What is needed:
All of the records must be repeated exactly as they read.

(Dataset entries)
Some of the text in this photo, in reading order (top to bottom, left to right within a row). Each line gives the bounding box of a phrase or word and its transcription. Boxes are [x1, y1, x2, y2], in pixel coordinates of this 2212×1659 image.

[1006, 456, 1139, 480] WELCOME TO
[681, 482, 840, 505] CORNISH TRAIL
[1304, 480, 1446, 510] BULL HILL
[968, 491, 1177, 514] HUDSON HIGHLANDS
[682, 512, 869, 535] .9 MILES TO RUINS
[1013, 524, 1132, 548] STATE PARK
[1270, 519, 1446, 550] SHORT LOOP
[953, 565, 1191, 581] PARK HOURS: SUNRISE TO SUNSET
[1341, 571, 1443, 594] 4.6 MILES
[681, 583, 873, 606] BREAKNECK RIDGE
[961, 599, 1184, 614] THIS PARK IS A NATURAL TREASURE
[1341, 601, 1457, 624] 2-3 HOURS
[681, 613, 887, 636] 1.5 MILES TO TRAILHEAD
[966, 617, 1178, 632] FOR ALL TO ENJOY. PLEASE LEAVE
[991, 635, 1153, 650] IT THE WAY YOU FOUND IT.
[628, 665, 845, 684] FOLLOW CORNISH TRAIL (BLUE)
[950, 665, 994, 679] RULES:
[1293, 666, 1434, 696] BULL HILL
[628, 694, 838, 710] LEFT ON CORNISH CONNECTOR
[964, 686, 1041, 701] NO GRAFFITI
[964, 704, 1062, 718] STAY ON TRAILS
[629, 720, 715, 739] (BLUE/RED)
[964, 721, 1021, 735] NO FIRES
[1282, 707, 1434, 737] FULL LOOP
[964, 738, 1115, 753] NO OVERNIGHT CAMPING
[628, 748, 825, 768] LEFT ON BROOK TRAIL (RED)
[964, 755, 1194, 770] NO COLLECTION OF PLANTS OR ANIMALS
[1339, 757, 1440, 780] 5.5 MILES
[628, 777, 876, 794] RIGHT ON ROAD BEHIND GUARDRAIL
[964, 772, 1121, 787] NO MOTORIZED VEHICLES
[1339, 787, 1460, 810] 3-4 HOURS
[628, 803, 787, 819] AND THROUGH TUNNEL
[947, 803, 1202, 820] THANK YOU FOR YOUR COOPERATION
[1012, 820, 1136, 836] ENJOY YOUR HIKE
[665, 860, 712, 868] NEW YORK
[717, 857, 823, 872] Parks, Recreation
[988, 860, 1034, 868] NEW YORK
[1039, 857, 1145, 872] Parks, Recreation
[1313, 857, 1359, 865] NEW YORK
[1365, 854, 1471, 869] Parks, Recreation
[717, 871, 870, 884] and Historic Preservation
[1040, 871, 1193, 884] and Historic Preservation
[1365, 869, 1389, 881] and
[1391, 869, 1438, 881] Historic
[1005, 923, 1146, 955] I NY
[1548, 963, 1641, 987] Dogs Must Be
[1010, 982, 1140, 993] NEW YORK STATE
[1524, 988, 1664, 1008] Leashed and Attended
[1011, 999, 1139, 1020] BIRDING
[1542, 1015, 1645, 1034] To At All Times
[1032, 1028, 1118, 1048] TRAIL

Expected answer:
Some of the text in this photo, in reading order (top to bottom, left to right within a row). Each line gives the bounding box of a phrase or word and its transcription. Boxes are [x1, y1, x2, y2], in pixel coordinates of this 2212×1659 image.

[1006, 456, 1139, 480] WELCOME TO
[681, 482, 840, 505] CORNISH TRAIL
[1304, 480, 1446, 510] BULL HILL
[968, 491, 1177, 514] HUDSON HIGHLANDS
[682, 512, 869, 535] .9 MILES TO RUINS
[1013, 524, 1132, 548] STATE PARK
[1270, 519, 1446, 550] SHORT LOOP
[953, 565, 1191, 581] PARK HOURS: SUNRISE TO SUNSET
[1341, 571, 1443, 594] 4.6 MILES
[681, 583, 873, 606] BREAKNECK RIDGE
[961, 599, 1184, 614] THIS PARK IS A NATURAL TREASURE
[1341, 601, 1457, 624] 2-3 HOURS
[681, 613, 887, 636] 1.5 MILES TO TRAILHEAD
[966, 617, 1178, 632] FOR ALL TO ENJOY. PLEASE LEAVE
[991, 635, 1153, 650] IT THE WAY YOU FOUND IT.
[628, 665, 845, 684] FOLLOW CORNISH TRAIL (BLUE)
[950, 665, 994, 679] RULES:
[1293, 666, 1434, 696] BULL HILL
[628, 694, 838, 710] LEFT ON CORNISH CONNECTOR
[964, 686, 1041, 701] NO GRAFFITI
[964, 704, 1062, 718] STAY ON TRAILS
[629, 720, 715, 739] (BLUE/RED)
[964, 721, 1021, 735] NO FIRES
[1282, 707, 1434, 737] FULL LOOP
[964, 738, 1115, 753] NO OVERNIGHT CAMPING
[628, 748, 825, 768] LEFT ON BROOK TRAIL (RED)
[964, 755, 1194, 770] NO COLLECTION OF PLANTS OR ANIMALS
[1339, 757, 1440, 780] 5.5 MILES
[628, 777, 876, 794] RIGHT ON ROAD BEHIND GUARDRAIL
[964, 772, 1121, 787] NO MOTORIZED VEHICLES
[1339, 787, 1460, 810] 3-4 HOURS
[628, 803, 787, 819] AND THROUGH TUNNEL
[947, 803, 1202, 820] THANK YOU FOR YOUR COOPERATION
[1012, 820, 1136, 836] ENJOY YOUR HIKE
[665, 860, 712, 868] NEW YORK
[717, 857, 823, 872] Parks, Recreation
[988, 860, 1034, 868] NEW YORK
[1039, 857, 1145, 872] Parks, Recreation
[1313, 857, 1359, 865] NEW YORK
[1365, 854, 1471, 869] Parks, Recreation
[717, 871, 870, 884] and Historic Preservation
[1040, 871, 1193, 884] and Historic Preservation
[1365, 869, 1389, 881] and
[1391, 869, 1438, 881] Historic
[1005, 923, 1146, 955] I NY
[1548, 963, 1641, 987] Dogs Must Be
[1010, 982, 1140, 993] NEW YORK STATE
[1524, 988, 1664, 1008] Leashed and Attended
[1011, 999, 1139, 1020] BIRDING
[1542, 1015, 1645, 1034] To At All Times
[1032, 1028, 1118, 1048] TRAIL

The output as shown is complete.